The project was among those selected in the call for the Art for Change “la Caixa” programme (2019), which supports initiatives encompassing the participation of collectives in vulnerable situations or people from the same environment or neighbourhood so as to foster social improvement.

The activity will be followed by a conversation with the participants, touching on their experiences of how the project has developed, from its creation to the final arrangement and presentation.


Territorio Doméstico, which came into being in 2006, is a space of encounter, care and women’s struggles, mostly migrant women’s, for the recognition of their diminished rights as domestic workers and to give care work more visibility. In 2019, they released the record Sin nosotras se para el mundo (Without Women the World Stops), a compilation of songs that give a voice to the situation these female workers face and were played on the streets to animatedly vindicate their struggles.

Susana Jiménez Carmona holds a PhD in Humanities and Culture from the University of Girona. Her work flows between music, sound art and philosophy, and from 2010 to 2016 she coordinated the initiative Jane’s Walk in Madrid (related in the book El paseo de Jane. Tejiendo redes a pie de calle, Modernito Books, 2016) and from 2015 to 2018 she was part of the project Sound Carers in Matadero, Madrid. She has collaborated with different stage art companies, artists and collectives.

Pandora Mirabilia is a work cooperative founded in 2007 and made up of women with a feminist and multidisciplinary gaze.

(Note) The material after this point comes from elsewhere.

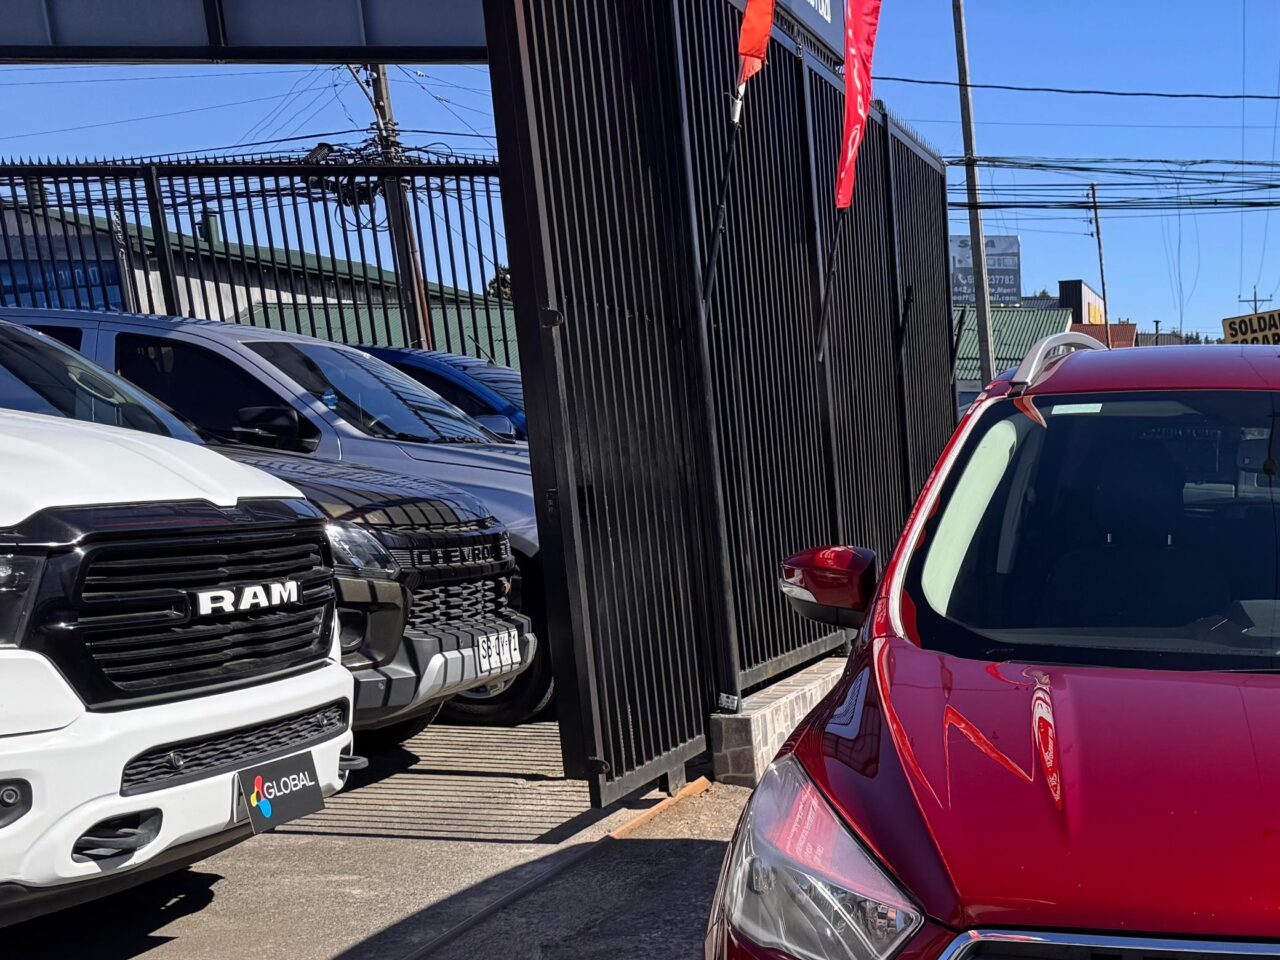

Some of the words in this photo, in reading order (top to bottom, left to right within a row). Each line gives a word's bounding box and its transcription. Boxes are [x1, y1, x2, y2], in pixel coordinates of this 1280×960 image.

[414, 539, 511, 567] CHEVROET
[199, 580, 298, 615] RAM
[263, 771, 315, 799] GLOBAL

Feminism and the gender perspective are the cornerstones of their actions, and they work in a network with other cooperatives and are part of Madrid’s social and solidary economy. Their most recent publications include ¡Imparables!: feminismos y LGTB+ (Astronave, 2018) and Un cuento propio: historias para escuchar y leer, heroínas por descubrir, with Camila Monasterio and with illustrations by Irene Cuesta (TakaTuka, 2018).